Tim WhatsApp gagal menerapkan teknik yang disebut “Skema Sertifikat” yang dirancang untuk memblokir serangan yang menggunakan sertifikat palsu,
yang pada dasarnya adalah siapa pun yang mencoba menyamar sebagai diri mereka sendiri.
Jauregui juga menunjukkan bahwa ada dua kelemahan lagi dalam cara WhatsApp
mengimplementasikan SSL. Aktifkan cipher null SSL (secara default aplikasi secara otomatis beralih ke
tidak ada enkripsi jika teknologi enkripsi aplikasi tidak cocok dengan teknologi enkripsi server) dan cipher yang diaktifkan ekspor SSL.
Kedua hal ini memudahkan penyerang untuk ‘menguping’ lalu lintas saat bergerak dari satu titik akhir ke titik akhir lainnya.
Kekhawatiran privasi lainnya berasal dari fakta bahwa WhatsApp memiliki data pribadi 450 juta pengguna, dan pelanggaran datanya sangat serius.
Peneliti Privasi Runa Sandvik mengatakan:
“Meskipun tidak ada iklan di WhatsApp, sesuai dengan kebijakan privasi kami, kami dapat secara berkala memindai buku alamat seluler pengguna dan mengunggah nomor tersebut ke server kami, meskipun nomor tersebut tidak mencantumkan nama.”
Dengan akuisisi WhatsApp oleh Facebook, banyak orang mulai bertanya-tanya apakah jejaring sosial akan menggabungkan data pengguna dengan data dari WhatsApp.
Paul Jauregui dari Praetorian menulis:
“Ini adalah hal yang disukai NSA. Ini pada dasarnya memungkinkan mereka (atau penyerang) untuk menghubungkan man-in-the-middle, kemudian menurunkan enkripsi untuk memblokirnya dan mengendus lalu lintas. Masalah keamanan ini membahayakan informasi dan komunikasi pengguna WhatsApp.”
Dalam sebuah wawancara, salah satu pendiri dan CEO WhatsApp Jan Koum mengatakan kepada Wired UK:
“Jika tidak ada yang berhak menguping, seharusnya tidak ada negara totaliter. Saya seharusnya tidak menjadi jenis negara yang saya tinggalkan sebagai seorang anak dan datang ke negara demokrasi dan kebebasan berbicara ini.

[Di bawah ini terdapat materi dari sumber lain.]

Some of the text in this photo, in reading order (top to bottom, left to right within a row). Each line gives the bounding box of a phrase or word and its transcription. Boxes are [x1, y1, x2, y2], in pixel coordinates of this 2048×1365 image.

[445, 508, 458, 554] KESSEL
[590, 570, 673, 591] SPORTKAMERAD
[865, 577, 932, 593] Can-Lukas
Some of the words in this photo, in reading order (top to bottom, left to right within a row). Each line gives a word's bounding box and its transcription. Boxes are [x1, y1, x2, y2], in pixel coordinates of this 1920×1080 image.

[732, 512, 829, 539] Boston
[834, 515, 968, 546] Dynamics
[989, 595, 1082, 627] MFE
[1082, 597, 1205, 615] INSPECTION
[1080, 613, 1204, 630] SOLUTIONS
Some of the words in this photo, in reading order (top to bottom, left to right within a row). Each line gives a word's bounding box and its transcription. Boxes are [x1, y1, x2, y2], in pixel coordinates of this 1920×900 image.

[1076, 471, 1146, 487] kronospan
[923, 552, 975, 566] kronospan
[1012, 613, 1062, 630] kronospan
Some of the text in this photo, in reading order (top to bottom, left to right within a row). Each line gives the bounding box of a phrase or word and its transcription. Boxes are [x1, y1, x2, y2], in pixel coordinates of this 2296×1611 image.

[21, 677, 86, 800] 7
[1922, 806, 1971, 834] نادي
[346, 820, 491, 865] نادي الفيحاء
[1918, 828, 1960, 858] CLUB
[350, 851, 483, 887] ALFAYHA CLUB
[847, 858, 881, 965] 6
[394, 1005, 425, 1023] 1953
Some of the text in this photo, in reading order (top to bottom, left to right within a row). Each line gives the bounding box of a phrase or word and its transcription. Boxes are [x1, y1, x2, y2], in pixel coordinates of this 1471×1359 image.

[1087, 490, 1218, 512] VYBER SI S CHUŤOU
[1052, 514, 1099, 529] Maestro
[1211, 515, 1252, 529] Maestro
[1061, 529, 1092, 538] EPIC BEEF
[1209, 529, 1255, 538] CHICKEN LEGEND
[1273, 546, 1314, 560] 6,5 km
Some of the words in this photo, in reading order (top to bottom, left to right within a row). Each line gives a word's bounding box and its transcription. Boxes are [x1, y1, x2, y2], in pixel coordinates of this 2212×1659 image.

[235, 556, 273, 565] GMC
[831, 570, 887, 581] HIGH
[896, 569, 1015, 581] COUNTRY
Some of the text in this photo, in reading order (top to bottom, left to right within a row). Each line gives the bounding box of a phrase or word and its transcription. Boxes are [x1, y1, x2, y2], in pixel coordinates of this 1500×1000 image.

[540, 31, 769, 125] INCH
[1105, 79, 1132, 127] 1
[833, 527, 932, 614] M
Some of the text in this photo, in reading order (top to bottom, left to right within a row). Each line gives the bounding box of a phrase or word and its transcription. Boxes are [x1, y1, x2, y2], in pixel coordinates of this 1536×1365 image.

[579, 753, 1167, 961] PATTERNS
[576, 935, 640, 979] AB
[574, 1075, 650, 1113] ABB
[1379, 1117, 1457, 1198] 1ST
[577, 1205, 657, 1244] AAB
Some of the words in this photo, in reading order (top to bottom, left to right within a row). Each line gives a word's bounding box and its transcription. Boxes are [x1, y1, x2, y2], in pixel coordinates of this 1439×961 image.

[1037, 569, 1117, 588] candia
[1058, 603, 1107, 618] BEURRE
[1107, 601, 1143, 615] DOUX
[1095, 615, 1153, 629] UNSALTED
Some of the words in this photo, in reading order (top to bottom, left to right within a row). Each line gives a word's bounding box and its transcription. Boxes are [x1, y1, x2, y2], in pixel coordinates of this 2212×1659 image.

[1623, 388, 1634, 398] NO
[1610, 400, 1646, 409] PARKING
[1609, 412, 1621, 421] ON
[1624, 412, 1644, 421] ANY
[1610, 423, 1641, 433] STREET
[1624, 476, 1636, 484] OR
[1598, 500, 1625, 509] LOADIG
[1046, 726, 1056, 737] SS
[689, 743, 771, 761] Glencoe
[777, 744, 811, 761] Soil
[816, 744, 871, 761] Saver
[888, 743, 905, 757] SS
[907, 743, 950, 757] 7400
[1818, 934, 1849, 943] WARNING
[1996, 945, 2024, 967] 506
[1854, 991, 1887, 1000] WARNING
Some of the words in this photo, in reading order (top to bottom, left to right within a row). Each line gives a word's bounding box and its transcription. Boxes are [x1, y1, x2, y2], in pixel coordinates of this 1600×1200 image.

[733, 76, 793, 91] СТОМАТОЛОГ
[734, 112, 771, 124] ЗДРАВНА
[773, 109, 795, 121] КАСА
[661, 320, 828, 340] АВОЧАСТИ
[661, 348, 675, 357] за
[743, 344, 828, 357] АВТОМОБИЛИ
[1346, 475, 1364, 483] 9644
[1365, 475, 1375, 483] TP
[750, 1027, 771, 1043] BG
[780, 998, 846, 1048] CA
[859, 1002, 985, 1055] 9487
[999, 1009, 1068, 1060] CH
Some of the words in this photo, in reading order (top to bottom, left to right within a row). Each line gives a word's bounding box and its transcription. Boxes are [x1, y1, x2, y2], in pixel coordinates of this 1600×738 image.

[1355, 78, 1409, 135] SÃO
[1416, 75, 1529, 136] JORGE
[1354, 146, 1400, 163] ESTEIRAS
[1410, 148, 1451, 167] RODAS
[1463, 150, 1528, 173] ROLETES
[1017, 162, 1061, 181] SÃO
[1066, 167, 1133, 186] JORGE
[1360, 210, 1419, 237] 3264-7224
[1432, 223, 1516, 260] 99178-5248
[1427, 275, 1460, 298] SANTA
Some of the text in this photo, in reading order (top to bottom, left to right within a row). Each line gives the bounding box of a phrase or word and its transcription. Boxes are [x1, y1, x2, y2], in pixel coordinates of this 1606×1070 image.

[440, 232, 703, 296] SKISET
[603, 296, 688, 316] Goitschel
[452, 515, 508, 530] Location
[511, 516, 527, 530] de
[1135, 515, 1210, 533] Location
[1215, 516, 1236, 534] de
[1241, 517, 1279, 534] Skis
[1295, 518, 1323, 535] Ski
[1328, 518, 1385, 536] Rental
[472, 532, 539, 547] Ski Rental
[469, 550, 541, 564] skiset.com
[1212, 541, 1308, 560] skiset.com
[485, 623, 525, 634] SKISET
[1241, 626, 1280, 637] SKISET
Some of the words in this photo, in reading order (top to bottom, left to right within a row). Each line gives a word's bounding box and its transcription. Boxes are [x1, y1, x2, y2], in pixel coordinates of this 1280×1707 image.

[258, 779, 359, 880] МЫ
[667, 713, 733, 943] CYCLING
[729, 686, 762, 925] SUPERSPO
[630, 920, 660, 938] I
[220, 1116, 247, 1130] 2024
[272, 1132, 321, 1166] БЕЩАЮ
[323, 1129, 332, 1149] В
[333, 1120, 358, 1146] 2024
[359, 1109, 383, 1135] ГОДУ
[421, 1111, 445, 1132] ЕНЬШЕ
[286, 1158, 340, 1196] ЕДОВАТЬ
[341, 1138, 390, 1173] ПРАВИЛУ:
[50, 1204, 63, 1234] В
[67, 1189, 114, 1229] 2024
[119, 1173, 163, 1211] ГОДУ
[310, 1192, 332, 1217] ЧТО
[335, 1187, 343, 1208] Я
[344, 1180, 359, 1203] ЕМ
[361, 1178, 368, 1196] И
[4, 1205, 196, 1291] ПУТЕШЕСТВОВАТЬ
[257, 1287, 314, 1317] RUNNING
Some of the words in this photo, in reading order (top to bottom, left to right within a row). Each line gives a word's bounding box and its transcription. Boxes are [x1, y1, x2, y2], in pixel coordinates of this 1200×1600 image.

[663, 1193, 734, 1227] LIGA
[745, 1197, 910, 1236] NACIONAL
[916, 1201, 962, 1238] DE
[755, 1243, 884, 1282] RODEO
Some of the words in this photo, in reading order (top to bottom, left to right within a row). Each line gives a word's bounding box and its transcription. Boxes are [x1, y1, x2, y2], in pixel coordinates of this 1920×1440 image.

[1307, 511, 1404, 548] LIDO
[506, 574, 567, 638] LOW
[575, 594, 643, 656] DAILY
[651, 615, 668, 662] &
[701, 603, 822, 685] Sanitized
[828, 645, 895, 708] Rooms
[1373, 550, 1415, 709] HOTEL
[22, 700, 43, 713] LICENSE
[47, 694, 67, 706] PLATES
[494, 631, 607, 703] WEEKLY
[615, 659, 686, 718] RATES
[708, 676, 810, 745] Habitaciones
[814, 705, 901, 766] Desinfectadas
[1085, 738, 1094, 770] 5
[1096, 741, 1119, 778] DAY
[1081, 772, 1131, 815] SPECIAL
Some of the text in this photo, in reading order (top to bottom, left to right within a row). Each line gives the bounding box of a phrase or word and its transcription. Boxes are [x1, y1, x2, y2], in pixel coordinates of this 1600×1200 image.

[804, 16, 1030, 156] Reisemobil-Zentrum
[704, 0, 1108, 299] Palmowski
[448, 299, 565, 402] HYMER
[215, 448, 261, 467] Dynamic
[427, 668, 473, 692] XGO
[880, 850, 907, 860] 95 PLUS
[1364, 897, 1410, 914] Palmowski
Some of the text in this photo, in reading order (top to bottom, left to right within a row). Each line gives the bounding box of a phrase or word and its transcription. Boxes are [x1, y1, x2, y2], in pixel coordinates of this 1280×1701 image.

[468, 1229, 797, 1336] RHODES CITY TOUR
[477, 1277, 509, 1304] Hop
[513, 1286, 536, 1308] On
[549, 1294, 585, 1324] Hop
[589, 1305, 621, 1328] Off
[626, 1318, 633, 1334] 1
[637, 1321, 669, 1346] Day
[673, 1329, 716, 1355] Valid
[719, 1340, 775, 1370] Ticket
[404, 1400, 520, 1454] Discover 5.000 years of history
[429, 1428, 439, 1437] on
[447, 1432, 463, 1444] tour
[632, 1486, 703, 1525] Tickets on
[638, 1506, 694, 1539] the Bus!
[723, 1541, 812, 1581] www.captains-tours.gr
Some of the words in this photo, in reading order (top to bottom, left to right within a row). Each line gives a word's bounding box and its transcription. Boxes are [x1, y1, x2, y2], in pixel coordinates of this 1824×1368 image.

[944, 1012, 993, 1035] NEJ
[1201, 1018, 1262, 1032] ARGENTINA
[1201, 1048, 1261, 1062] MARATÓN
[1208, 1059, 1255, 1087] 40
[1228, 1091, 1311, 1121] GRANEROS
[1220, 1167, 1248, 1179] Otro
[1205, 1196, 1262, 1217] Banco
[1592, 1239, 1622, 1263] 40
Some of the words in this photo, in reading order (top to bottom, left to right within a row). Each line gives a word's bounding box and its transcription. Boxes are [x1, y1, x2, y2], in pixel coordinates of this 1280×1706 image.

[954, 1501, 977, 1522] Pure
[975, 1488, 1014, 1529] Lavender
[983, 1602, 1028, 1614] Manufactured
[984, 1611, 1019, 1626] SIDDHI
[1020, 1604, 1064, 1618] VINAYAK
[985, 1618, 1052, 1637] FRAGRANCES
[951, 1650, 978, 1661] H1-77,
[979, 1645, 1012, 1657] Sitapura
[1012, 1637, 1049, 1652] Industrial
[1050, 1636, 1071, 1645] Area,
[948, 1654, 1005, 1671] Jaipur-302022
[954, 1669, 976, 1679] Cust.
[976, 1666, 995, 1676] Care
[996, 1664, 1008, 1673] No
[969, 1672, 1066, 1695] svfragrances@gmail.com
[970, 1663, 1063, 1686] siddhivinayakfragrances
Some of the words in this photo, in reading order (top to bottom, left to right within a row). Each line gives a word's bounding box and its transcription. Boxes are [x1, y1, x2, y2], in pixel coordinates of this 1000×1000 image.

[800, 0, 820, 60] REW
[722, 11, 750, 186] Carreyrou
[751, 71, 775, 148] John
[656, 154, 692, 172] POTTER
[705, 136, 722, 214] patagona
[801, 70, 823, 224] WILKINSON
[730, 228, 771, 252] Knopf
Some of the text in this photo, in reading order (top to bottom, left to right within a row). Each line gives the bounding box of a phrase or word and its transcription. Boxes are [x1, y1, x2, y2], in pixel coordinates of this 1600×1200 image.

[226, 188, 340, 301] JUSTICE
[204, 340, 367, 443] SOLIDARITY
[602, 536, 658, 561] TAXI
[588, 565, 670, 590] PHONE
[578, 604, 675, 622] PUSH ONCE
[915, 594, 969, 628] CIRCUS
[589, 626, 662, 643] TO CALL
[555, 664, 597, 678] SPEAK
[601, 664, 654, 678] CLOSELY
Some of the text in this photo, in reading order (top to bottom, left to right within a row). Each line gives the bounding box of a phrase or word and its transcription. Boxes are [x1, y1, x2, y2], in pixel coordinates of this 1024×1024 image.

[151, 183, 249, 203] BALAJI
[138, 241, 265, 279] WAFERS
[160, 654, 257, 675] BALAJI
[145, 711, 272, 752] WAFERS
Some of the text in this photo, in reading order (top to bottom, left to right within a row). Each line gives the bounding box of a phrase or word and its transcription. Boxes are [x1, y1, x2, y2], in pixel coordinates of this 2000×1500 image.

Tujuan kami adalah untuk melindunginya. Ada enkripsi antara klien dan server. Kami tidak menyimpan pesan di server kami dan kami tidak menyimpan riwayat obrolan. Semuanya ada di ponsel Anda. ”
Masalah keamanan terbaru WhatsApp bukanlah hal baru. Pada Oktober 2013, seorang mahasiswa ilmu komputer di Universitas Utrecht di Belanda mendokumentasikan kelemahan enkripsi fatal yang memungkinkan penyerang mendekripsi pesan (suara atau teks) apa pun yang dikirim menggunakan WhatsApp.